Lieutenant Commander Sheikh Mubarak Ali Y. Al Sabah, Chief of Maritime Operations, Kuwait Coast Guard, discussed in detail about areas of cooperation, and explained that cooperation is key in tackling the various maritime threats that the region is facing.
One of the initiatives taken by the region’s maritime authorities is the establishment of a GCC Maritime Centre in Bahrain. This centre aims to boost security in the Gulf, including that of vital shipping lanes for oil exports. Members of the GCC have agreed to share information and contribute assets to the centre.
“Approval has been given from all GCC leaders,” said Sheikh Saeed bin Hamdan Al Nahyan, Deputy Commander of the UAE Navy.
According to Lieutenant Commander Sheikh Mubarak Ali Y. Al Sabah, a primary problem in the Gulf waters is drug traffickers where a bust is made every two to three weeks.
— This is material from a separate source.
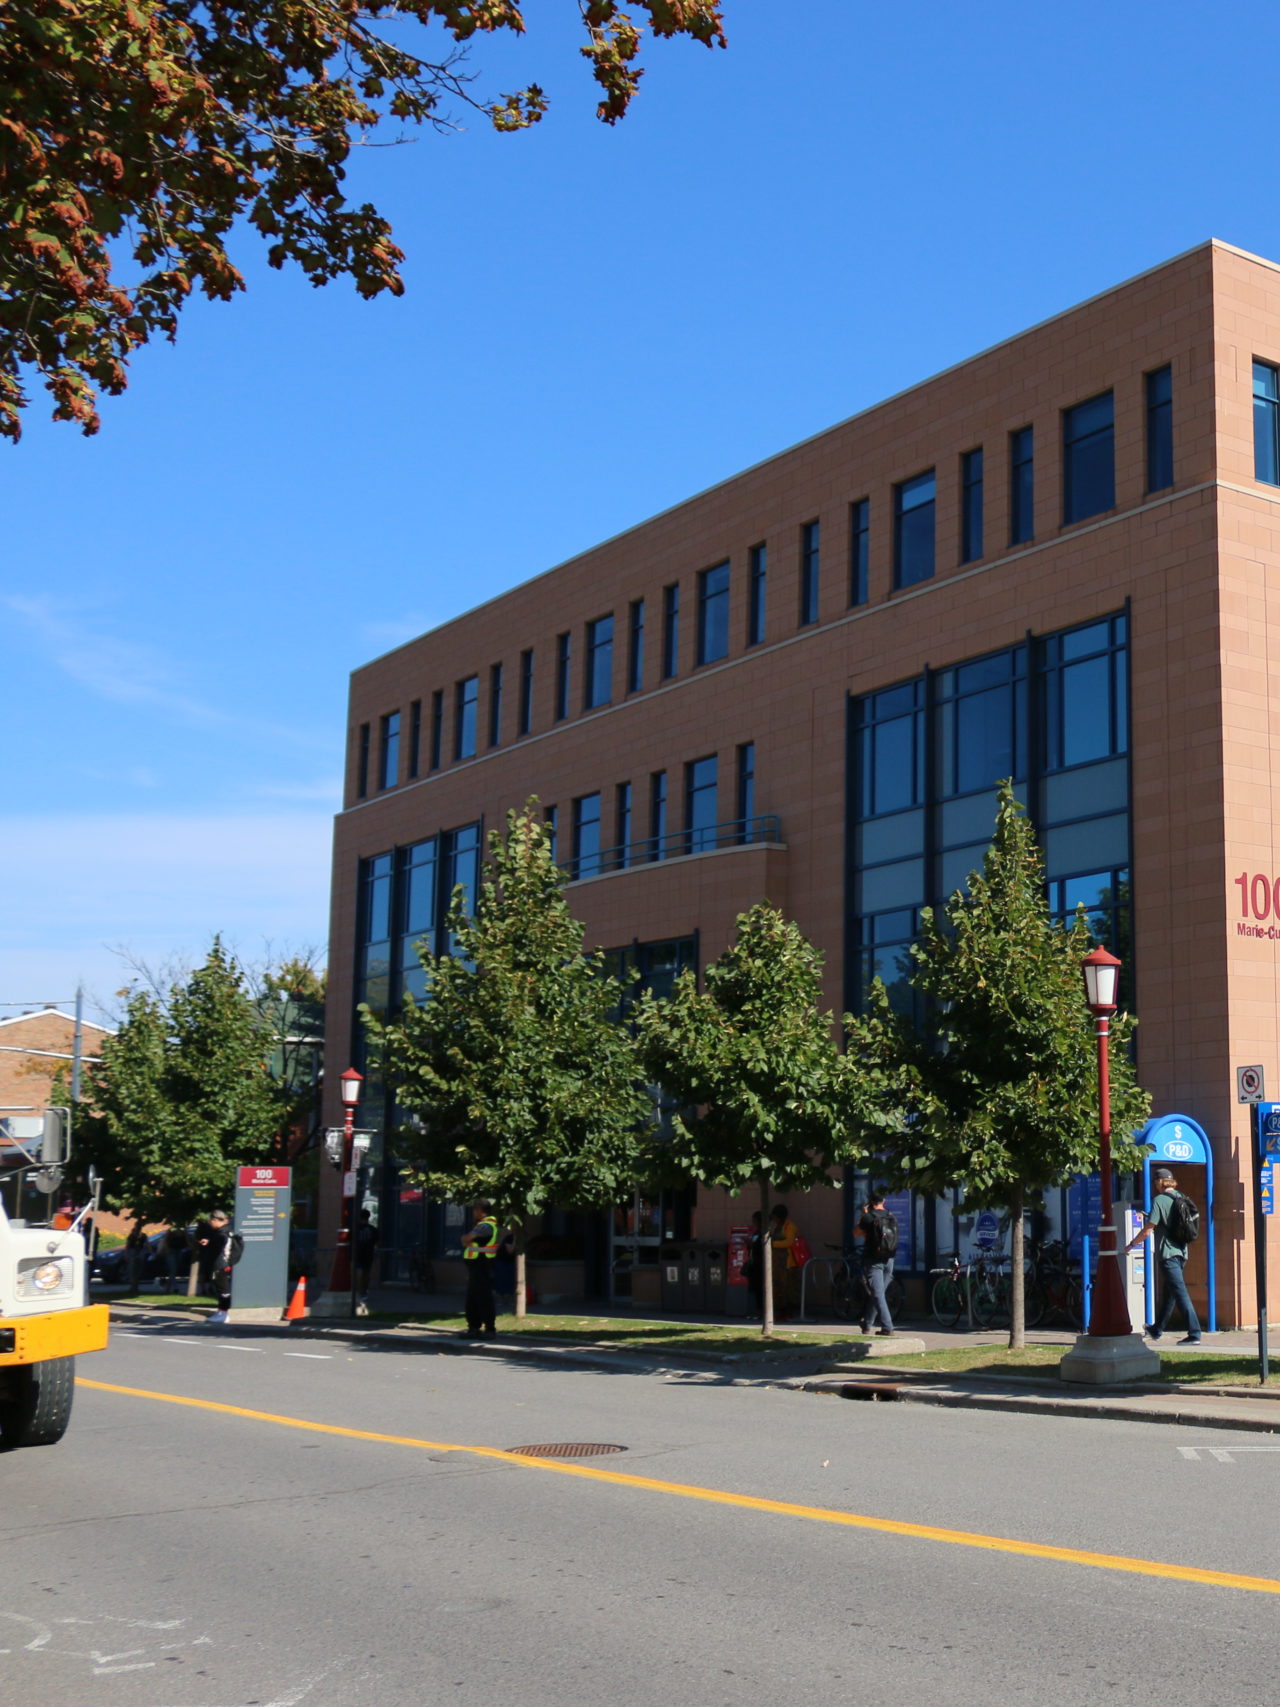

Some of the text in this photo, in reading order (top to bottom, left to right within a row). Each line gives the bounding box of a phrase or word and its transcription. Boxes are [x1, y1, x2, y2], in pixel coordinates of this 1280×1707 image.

[1174, 1125, 1182, 1139] $
[1169, 1143, 1189, 1157] P&D
[255, 1169, 273, 1179] 100
After each bust, the GCC nations share information about the incident and the lessons learnt.
Currently, an emerging concern in the region is piracy. There are no concrete laws that govern the intent to commit piracy. 15 pirates were captured by the UK at the start of last month and about 100 pirates were captured by India in the past year. These pirates will be detained till a court is found to conduct their trial or a law is created under which to prosecute them.
“There is no international law against the conspiracy to conduct acts of piracy,” said Chris Trelawny, Deputy Director of the Maritime Safety Division of the International Maritime Organisation (IMO).
Trelawny further continued to say: “For a lot of pirates, their equipment is being taken off them and they are being sent back to Somalia. It’s not particularly satisfactory but it’s a pragmatic reality.”
Another key topic that was discussed was how to best build and maximise surveillance capability across the region's territorial waters. Attendees heard from a number of speakers about the capabilities of different systems, including: High Frequency Surface Wave Radar in coastal surveillance systems from Frédéric Perret, Product Manager, Thales International, and Space-Based surveillance from Guy Thomas, Science and Technology Advisor, US Coastguard.
Organised by Clarion Events Middle East, the Maritime Security and Surveillance Conference was held with support of the Higher Committee for UAE Civil Seaports and Airports Security and hosted delegates from the UAE, Qatar, Kuwait, Oman, United States of America, the United Kingdom, Europe, NATO and India.